Re: GHashTable with function pointers as values



On Sat, 23 Aug 2014 11:35:05 +0100
Emmanuele Bassi <ebassi gmail com> wrote:
hi;

On 23 August 2014 11:18, Iñigo Martínez <inigomartinez gmail com>
wrote:
Yes, it works, but i doesn't look like the best approach:

warning: ISO C forbids passing argument 3 of 'g_hash_table_insert'
between function pointer and 'void *' [-Wpedantic]

drop `-Wpedantic`: it doesn't serve any practical purposes. instead,
identify a set of warnings that you care about, and use them.

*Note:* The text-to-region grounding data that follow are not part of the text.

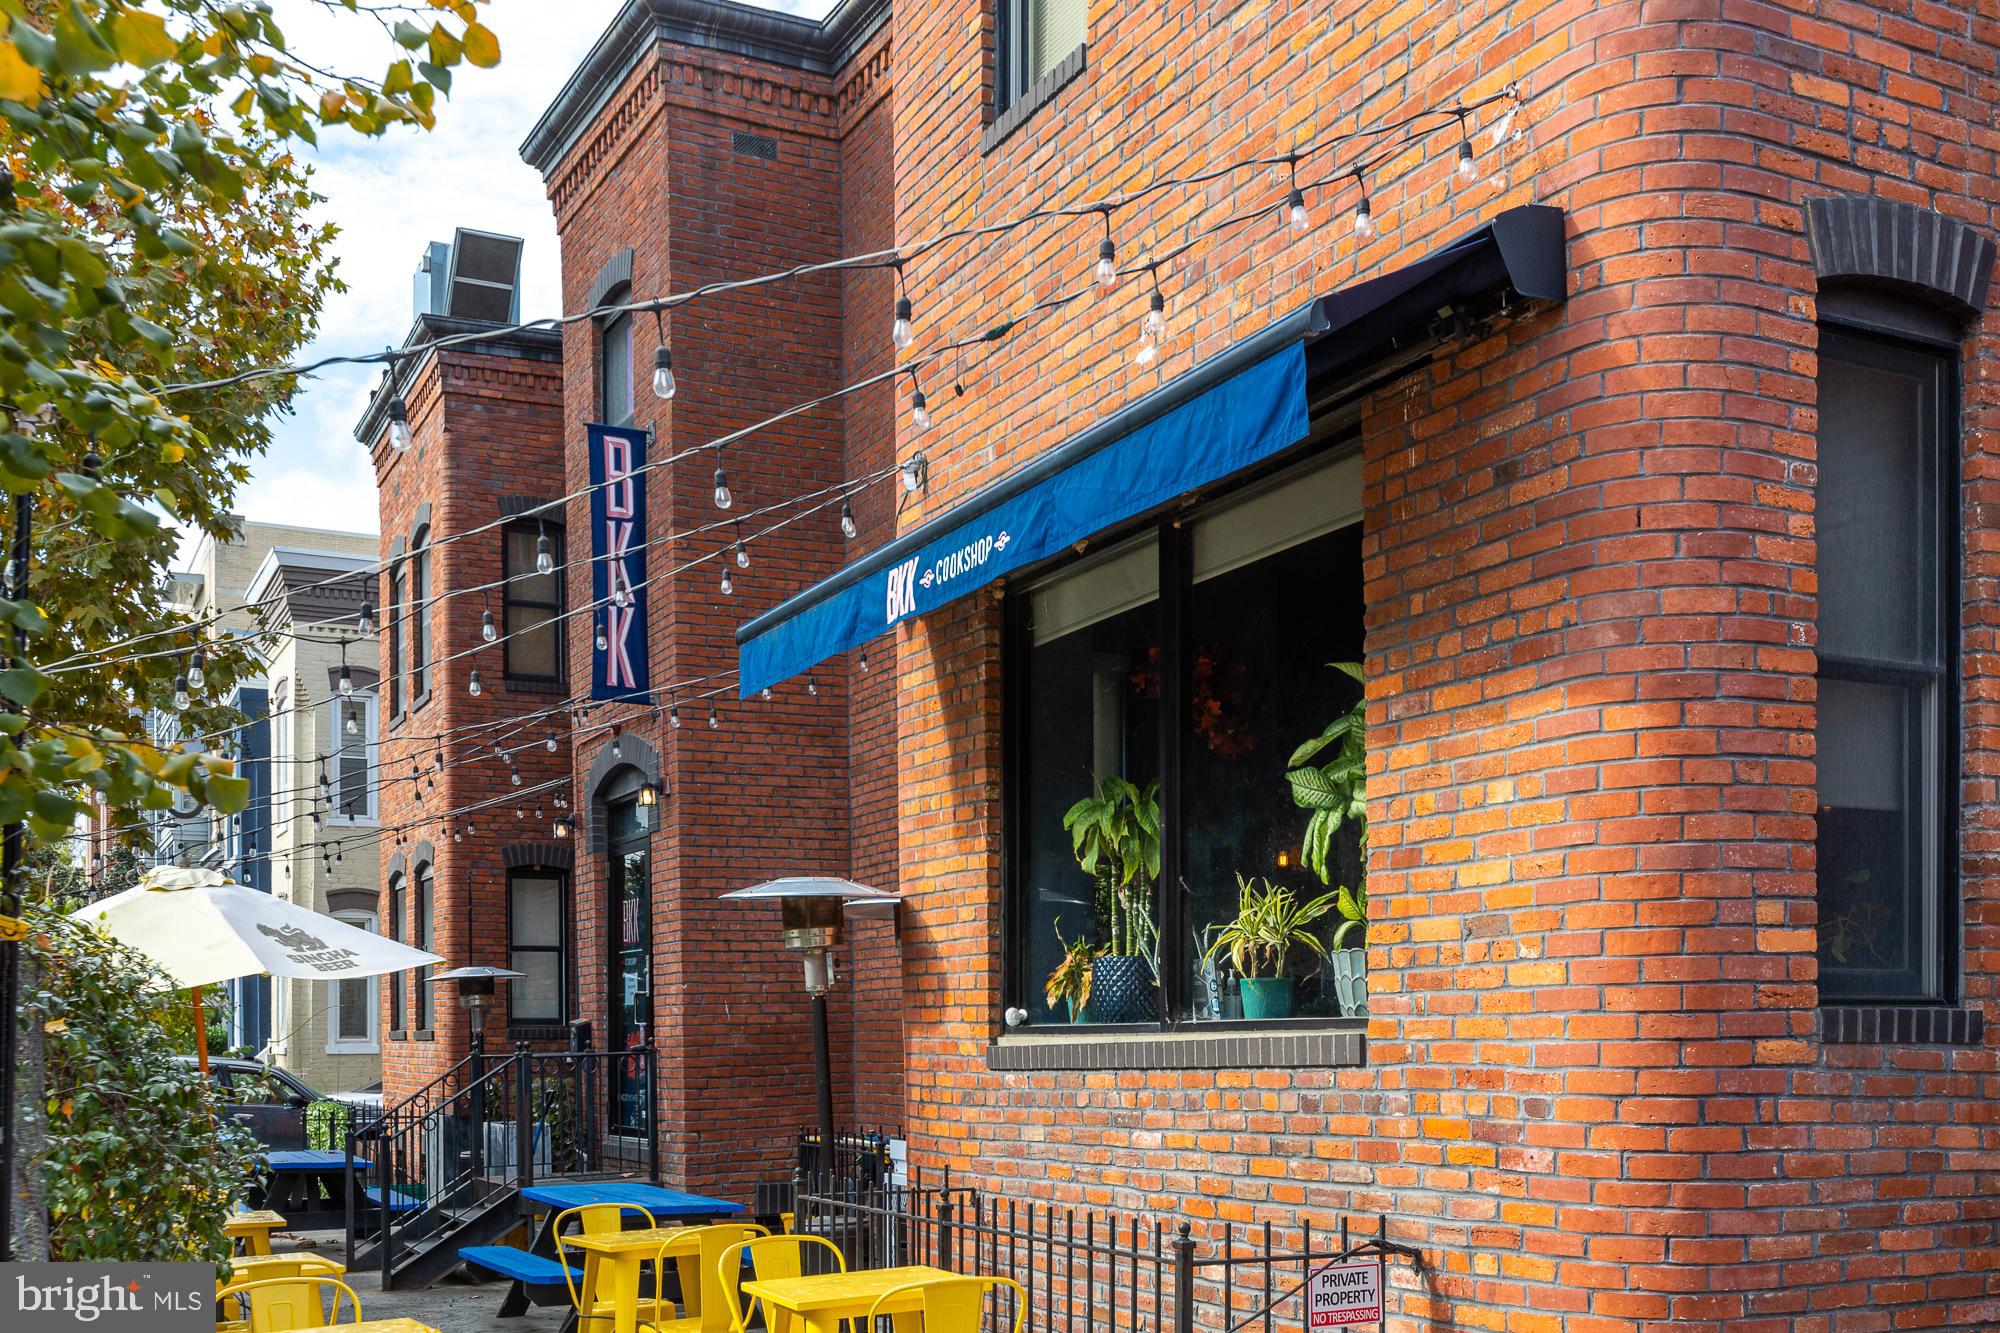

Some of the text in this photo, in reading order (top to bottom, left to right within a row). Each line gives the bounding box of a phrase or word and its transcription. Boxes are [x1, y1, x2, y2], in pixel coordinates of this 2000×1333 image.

[603, 434, 637, 689] BKK
[886, 535, 993, 625] BKK COOKSHOP
[622, 898, 640, 945] BKK
[286, 948, 360, 964] SINGHA
[311, 959, 360, 972] BEER
[1322, 1271, 1369, 1288] PRIVATE
[1315, 1288, 1376, 1307] PROPERTY
[1313, 1308, 1379, 1325] NO TRESPASSING

in this particular case, we're talking about undefined behaviour that
every compiler that is not a university student project, or an arcane
compiler for a niche architecture, supports anyway.

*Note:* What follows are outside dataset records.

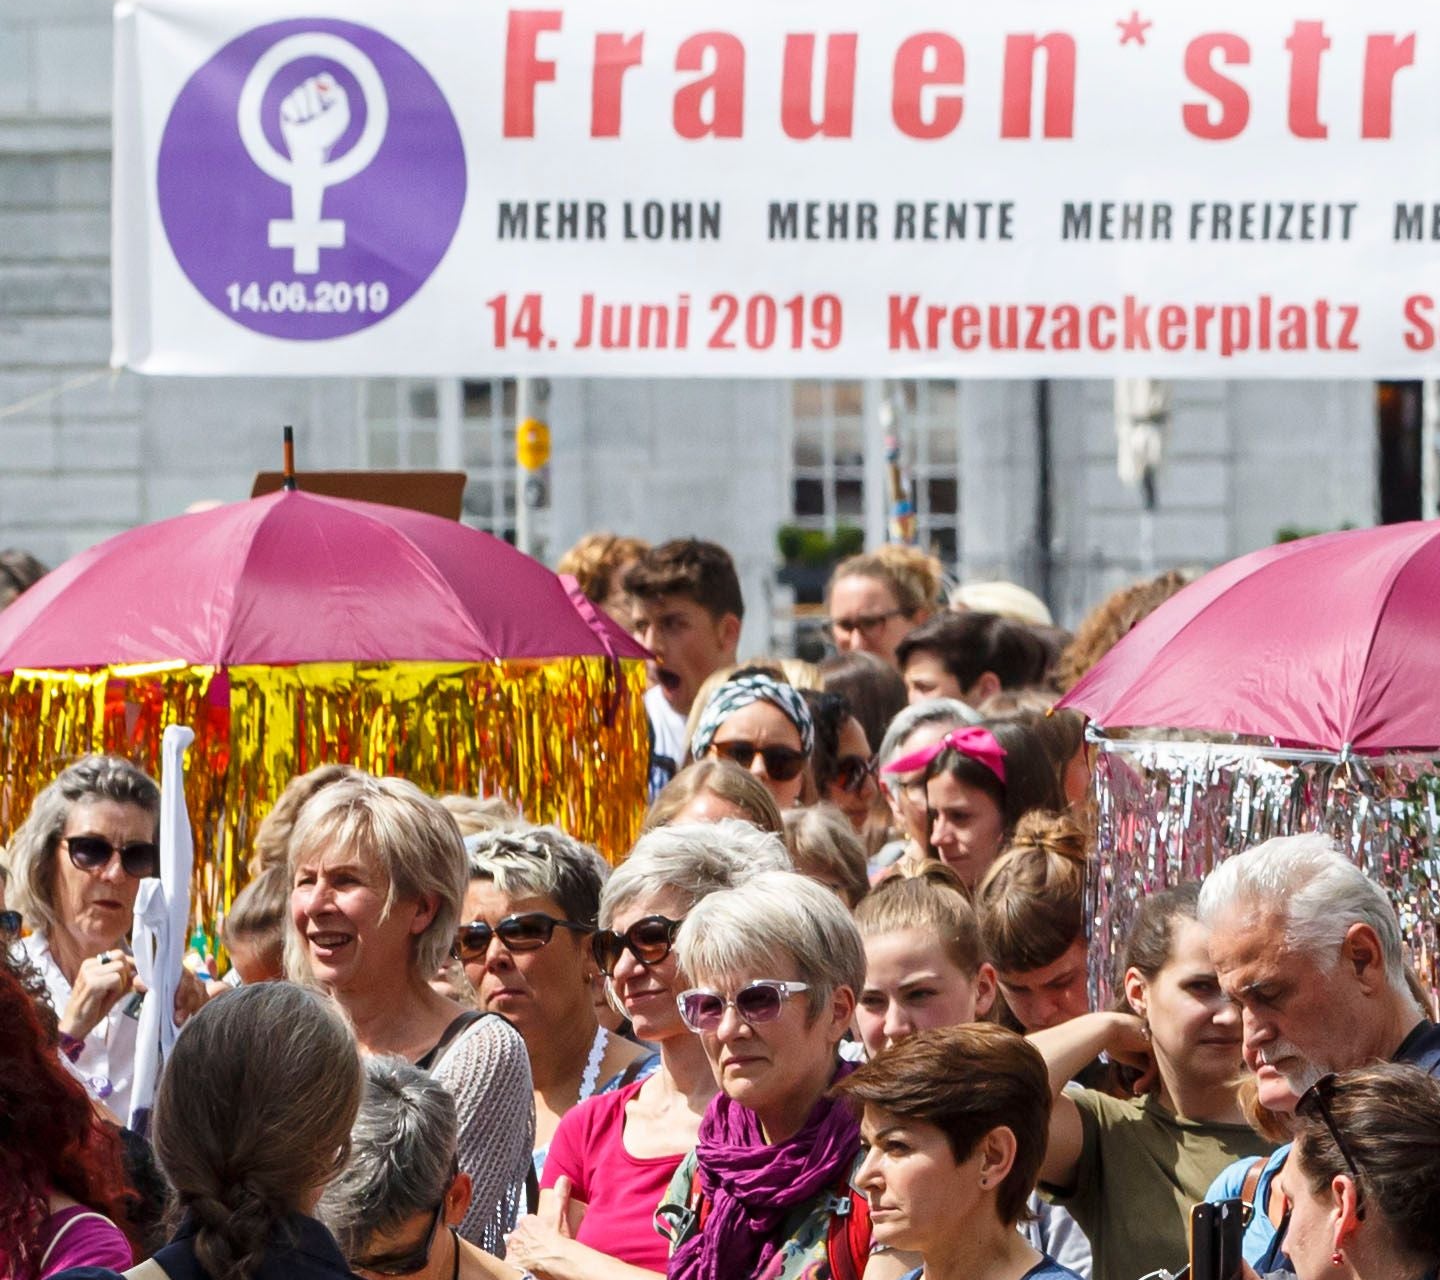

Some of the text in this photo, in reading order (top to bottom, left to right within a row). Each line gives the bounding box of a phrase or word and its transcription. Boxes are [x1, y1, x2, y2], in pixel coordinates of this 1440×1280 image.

[498, 201, 607, 240] MEHR
[623, 201, 721, 240] LOHN
[768, 202, 878, 240] MEHR
[894, 202, 1014, 240] RENTE
[1062, 203, 1172, 240] MEHR
[1190, 203, 1357, 241] FREIZEIT
[227, 283, 389, 314] 14.06.2019
[488, 294, 557, 349] 14.
[575, 294, 689, 349] Juni
[708, 294, 843, 350] 2019
[888, 295, 1360, 357] Kreuzackerplatz

in practice, everything that GLib supports, will also support this
construct.

As you say, glib requires it to work because it uses this conversion
for its closures.

However, it is not just a convention about undefined behaviour which (in
practice) any modern platform will support.  It is actually defined
behaviour on any POSIX platform, because the POSIX standard _requires_
it to work, for dlsym amongst other things.  It will also work on any
windows platform, as a windows extension.

Furthermore, in C++11 (I am not sure about C11) it is not even undefined
behaviour, but implementation defined behaviour.  It is "conditionally
supported", specifically for the purpose of meeting the requirements of
POSIX:

  "Converting a pointer to a function into a pointer to an object
  type or vice versa is conditionally-supported. The meaning of such a
  conversion is implementation defined, except that if an
  implementation supports conversions in both directions, converting an
  rvalue of one type to the other type and back, possibly with
  different cv-qualification, shall yield the original pointer value." 

You can suppress the warning emitted by gcc with -Wpedantic by casting
through a union, which is also supported by gcc although it technically
breaks C99's strict aliasing rules.  But that is pointless. The direct
C-style cast which POSIX and glib requires to work, and C++11 (and maybe
C11) conditionally permits, is the way to go on this.